Monsieur Adulte veut redevenir un enfant
Monsieur Adulte est une grande personne. Une très, très, grande personne avec un corps long et voûté. Il laisse souvent sa tête pendre au bout de son long cou. Les matinées de monsieur Adulte se ressemblent presque toutes et il ne se souvient pas des autres !
Il est à peine réveillé qu’il se sent déjà épuisé. Dans ces conditions ouvrir les yeux n’est jamais facile. Monsieur Adulte regarde l’heure « Il est trop tôt » se dit-il, « Beaucoup trop tôt !». Puis, il soulève sa couverture. « C’est trop lourd. », soupire monsieur Adulte « Beaucoup trop lourd ! ». Son corps est fatigué et monsieur Adulte se lève avec difficulté.
Ce n’est pas fini ! Monsieur Adulte réussit à repousser sa couette épaisse et doit maintenant faire attention de se lever du bon pied, mais PATATRA, c’est loupé ! Il ne sait même pas lequel est le bon. « C’est trop dur. Beaucoup trop dur ! », s’exaspère monsieur Adulte en secouant la tête. Il se rend ensuite vers sa fenêtre, les bras ballants et en traînant les pieds.

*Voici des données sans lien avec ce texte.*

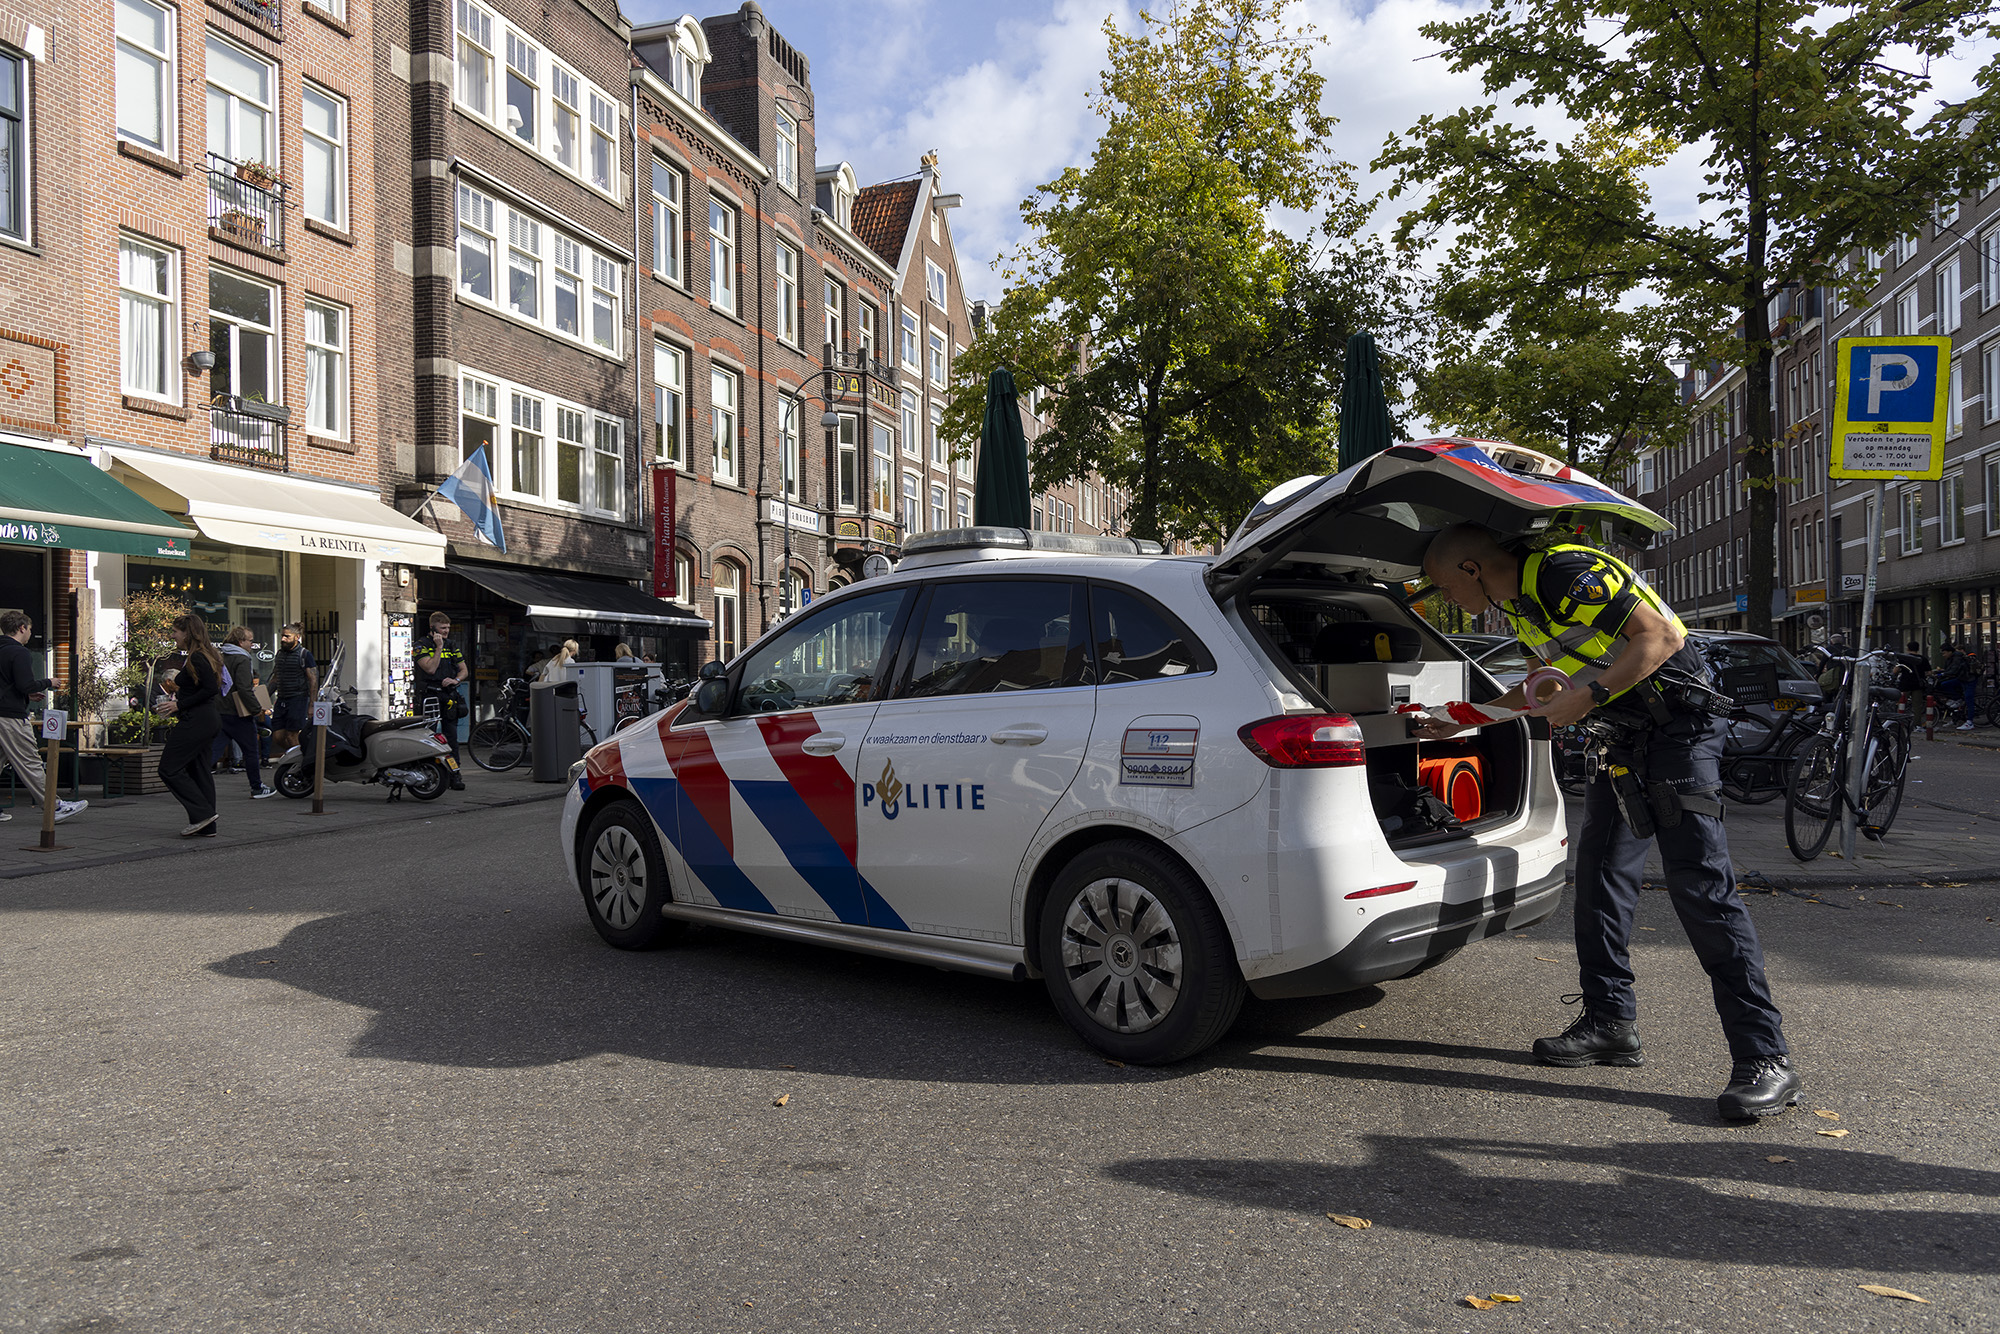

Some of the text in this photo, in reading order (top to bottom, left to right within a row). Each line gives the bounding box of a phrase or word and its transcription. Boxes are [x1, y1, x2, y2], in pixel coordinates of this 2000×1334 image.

[1867, 353, 1919, 414] P
[1877, 444, 1911, 452] maandag
[1896, 436, 1930, 444] parkeren
[771, 504, 816, 525] Pianlamuseum
[20, 524, 38, 541] Vis
[661, 505, 670, 547] Pianola
[157, 547, 187, 556] Heineken
[300, 535, 367, 553] LA REINITA
[1844, 576, 1861, 588] Etos
[804, 591, 810, 605] P
[863, 783, 985, 820] POLITIE

Comme tous les matins, il espère voir le soleil, mais comme tous les matins de monsieur Adulte se ressemblent, il est déçu. « Des nuages, rien que des nuages et de la pluie. », gémit-il « Beaucoup trop de pluie. ». C’est un monsieur bien morose, monsieur Adulte, un monsieur qui ne voit pas grand-chose et peu de couleurs. Il se lave sans grande motivation et s’habille sans imagination. Il ne prend pas de petit déjeuner parce qu’il traîne des pieds. Il ne lui reste jamais assez de temps pour manger. Il faut qu’il file au plus vite au travail !
Au travail monsieur Adulte fait ce qu’il a à faire. Il termine ses missions dans son bureau, derrière son ordinateur. Il ne voit pas les autres prendre leur pause, il oublie de manger et s’en rappelle seulement bien après midi, lorsque son ventre gronde et que sa tête tombe de plus en plus bas, fatiguée d’être portée sans énergie. Monsieur Adulte aurait préféré rester chez lui. « J’ai faim ! Beaucoup trop faim ! »
Les heures passent lentement au travail, monsieur Adulte regarde souvent sa montre, mais le temps s’écoule doucement. « Que le temps est long ! » s’exclame-t-il exaspéré. « Beaucoup trop long. ». Quand il est enfin l’heure de rentrer, monsieur Adulte ne se réjouit même pas. Il se sent fatigué et il rentre, comme toujours, en traînant les pieds. Les nuages sont toujours là, la pluie aussi. A l’abri dans sa voiture, il gronde «Il pleut trop ! Il pleut beaucoup trop ! ».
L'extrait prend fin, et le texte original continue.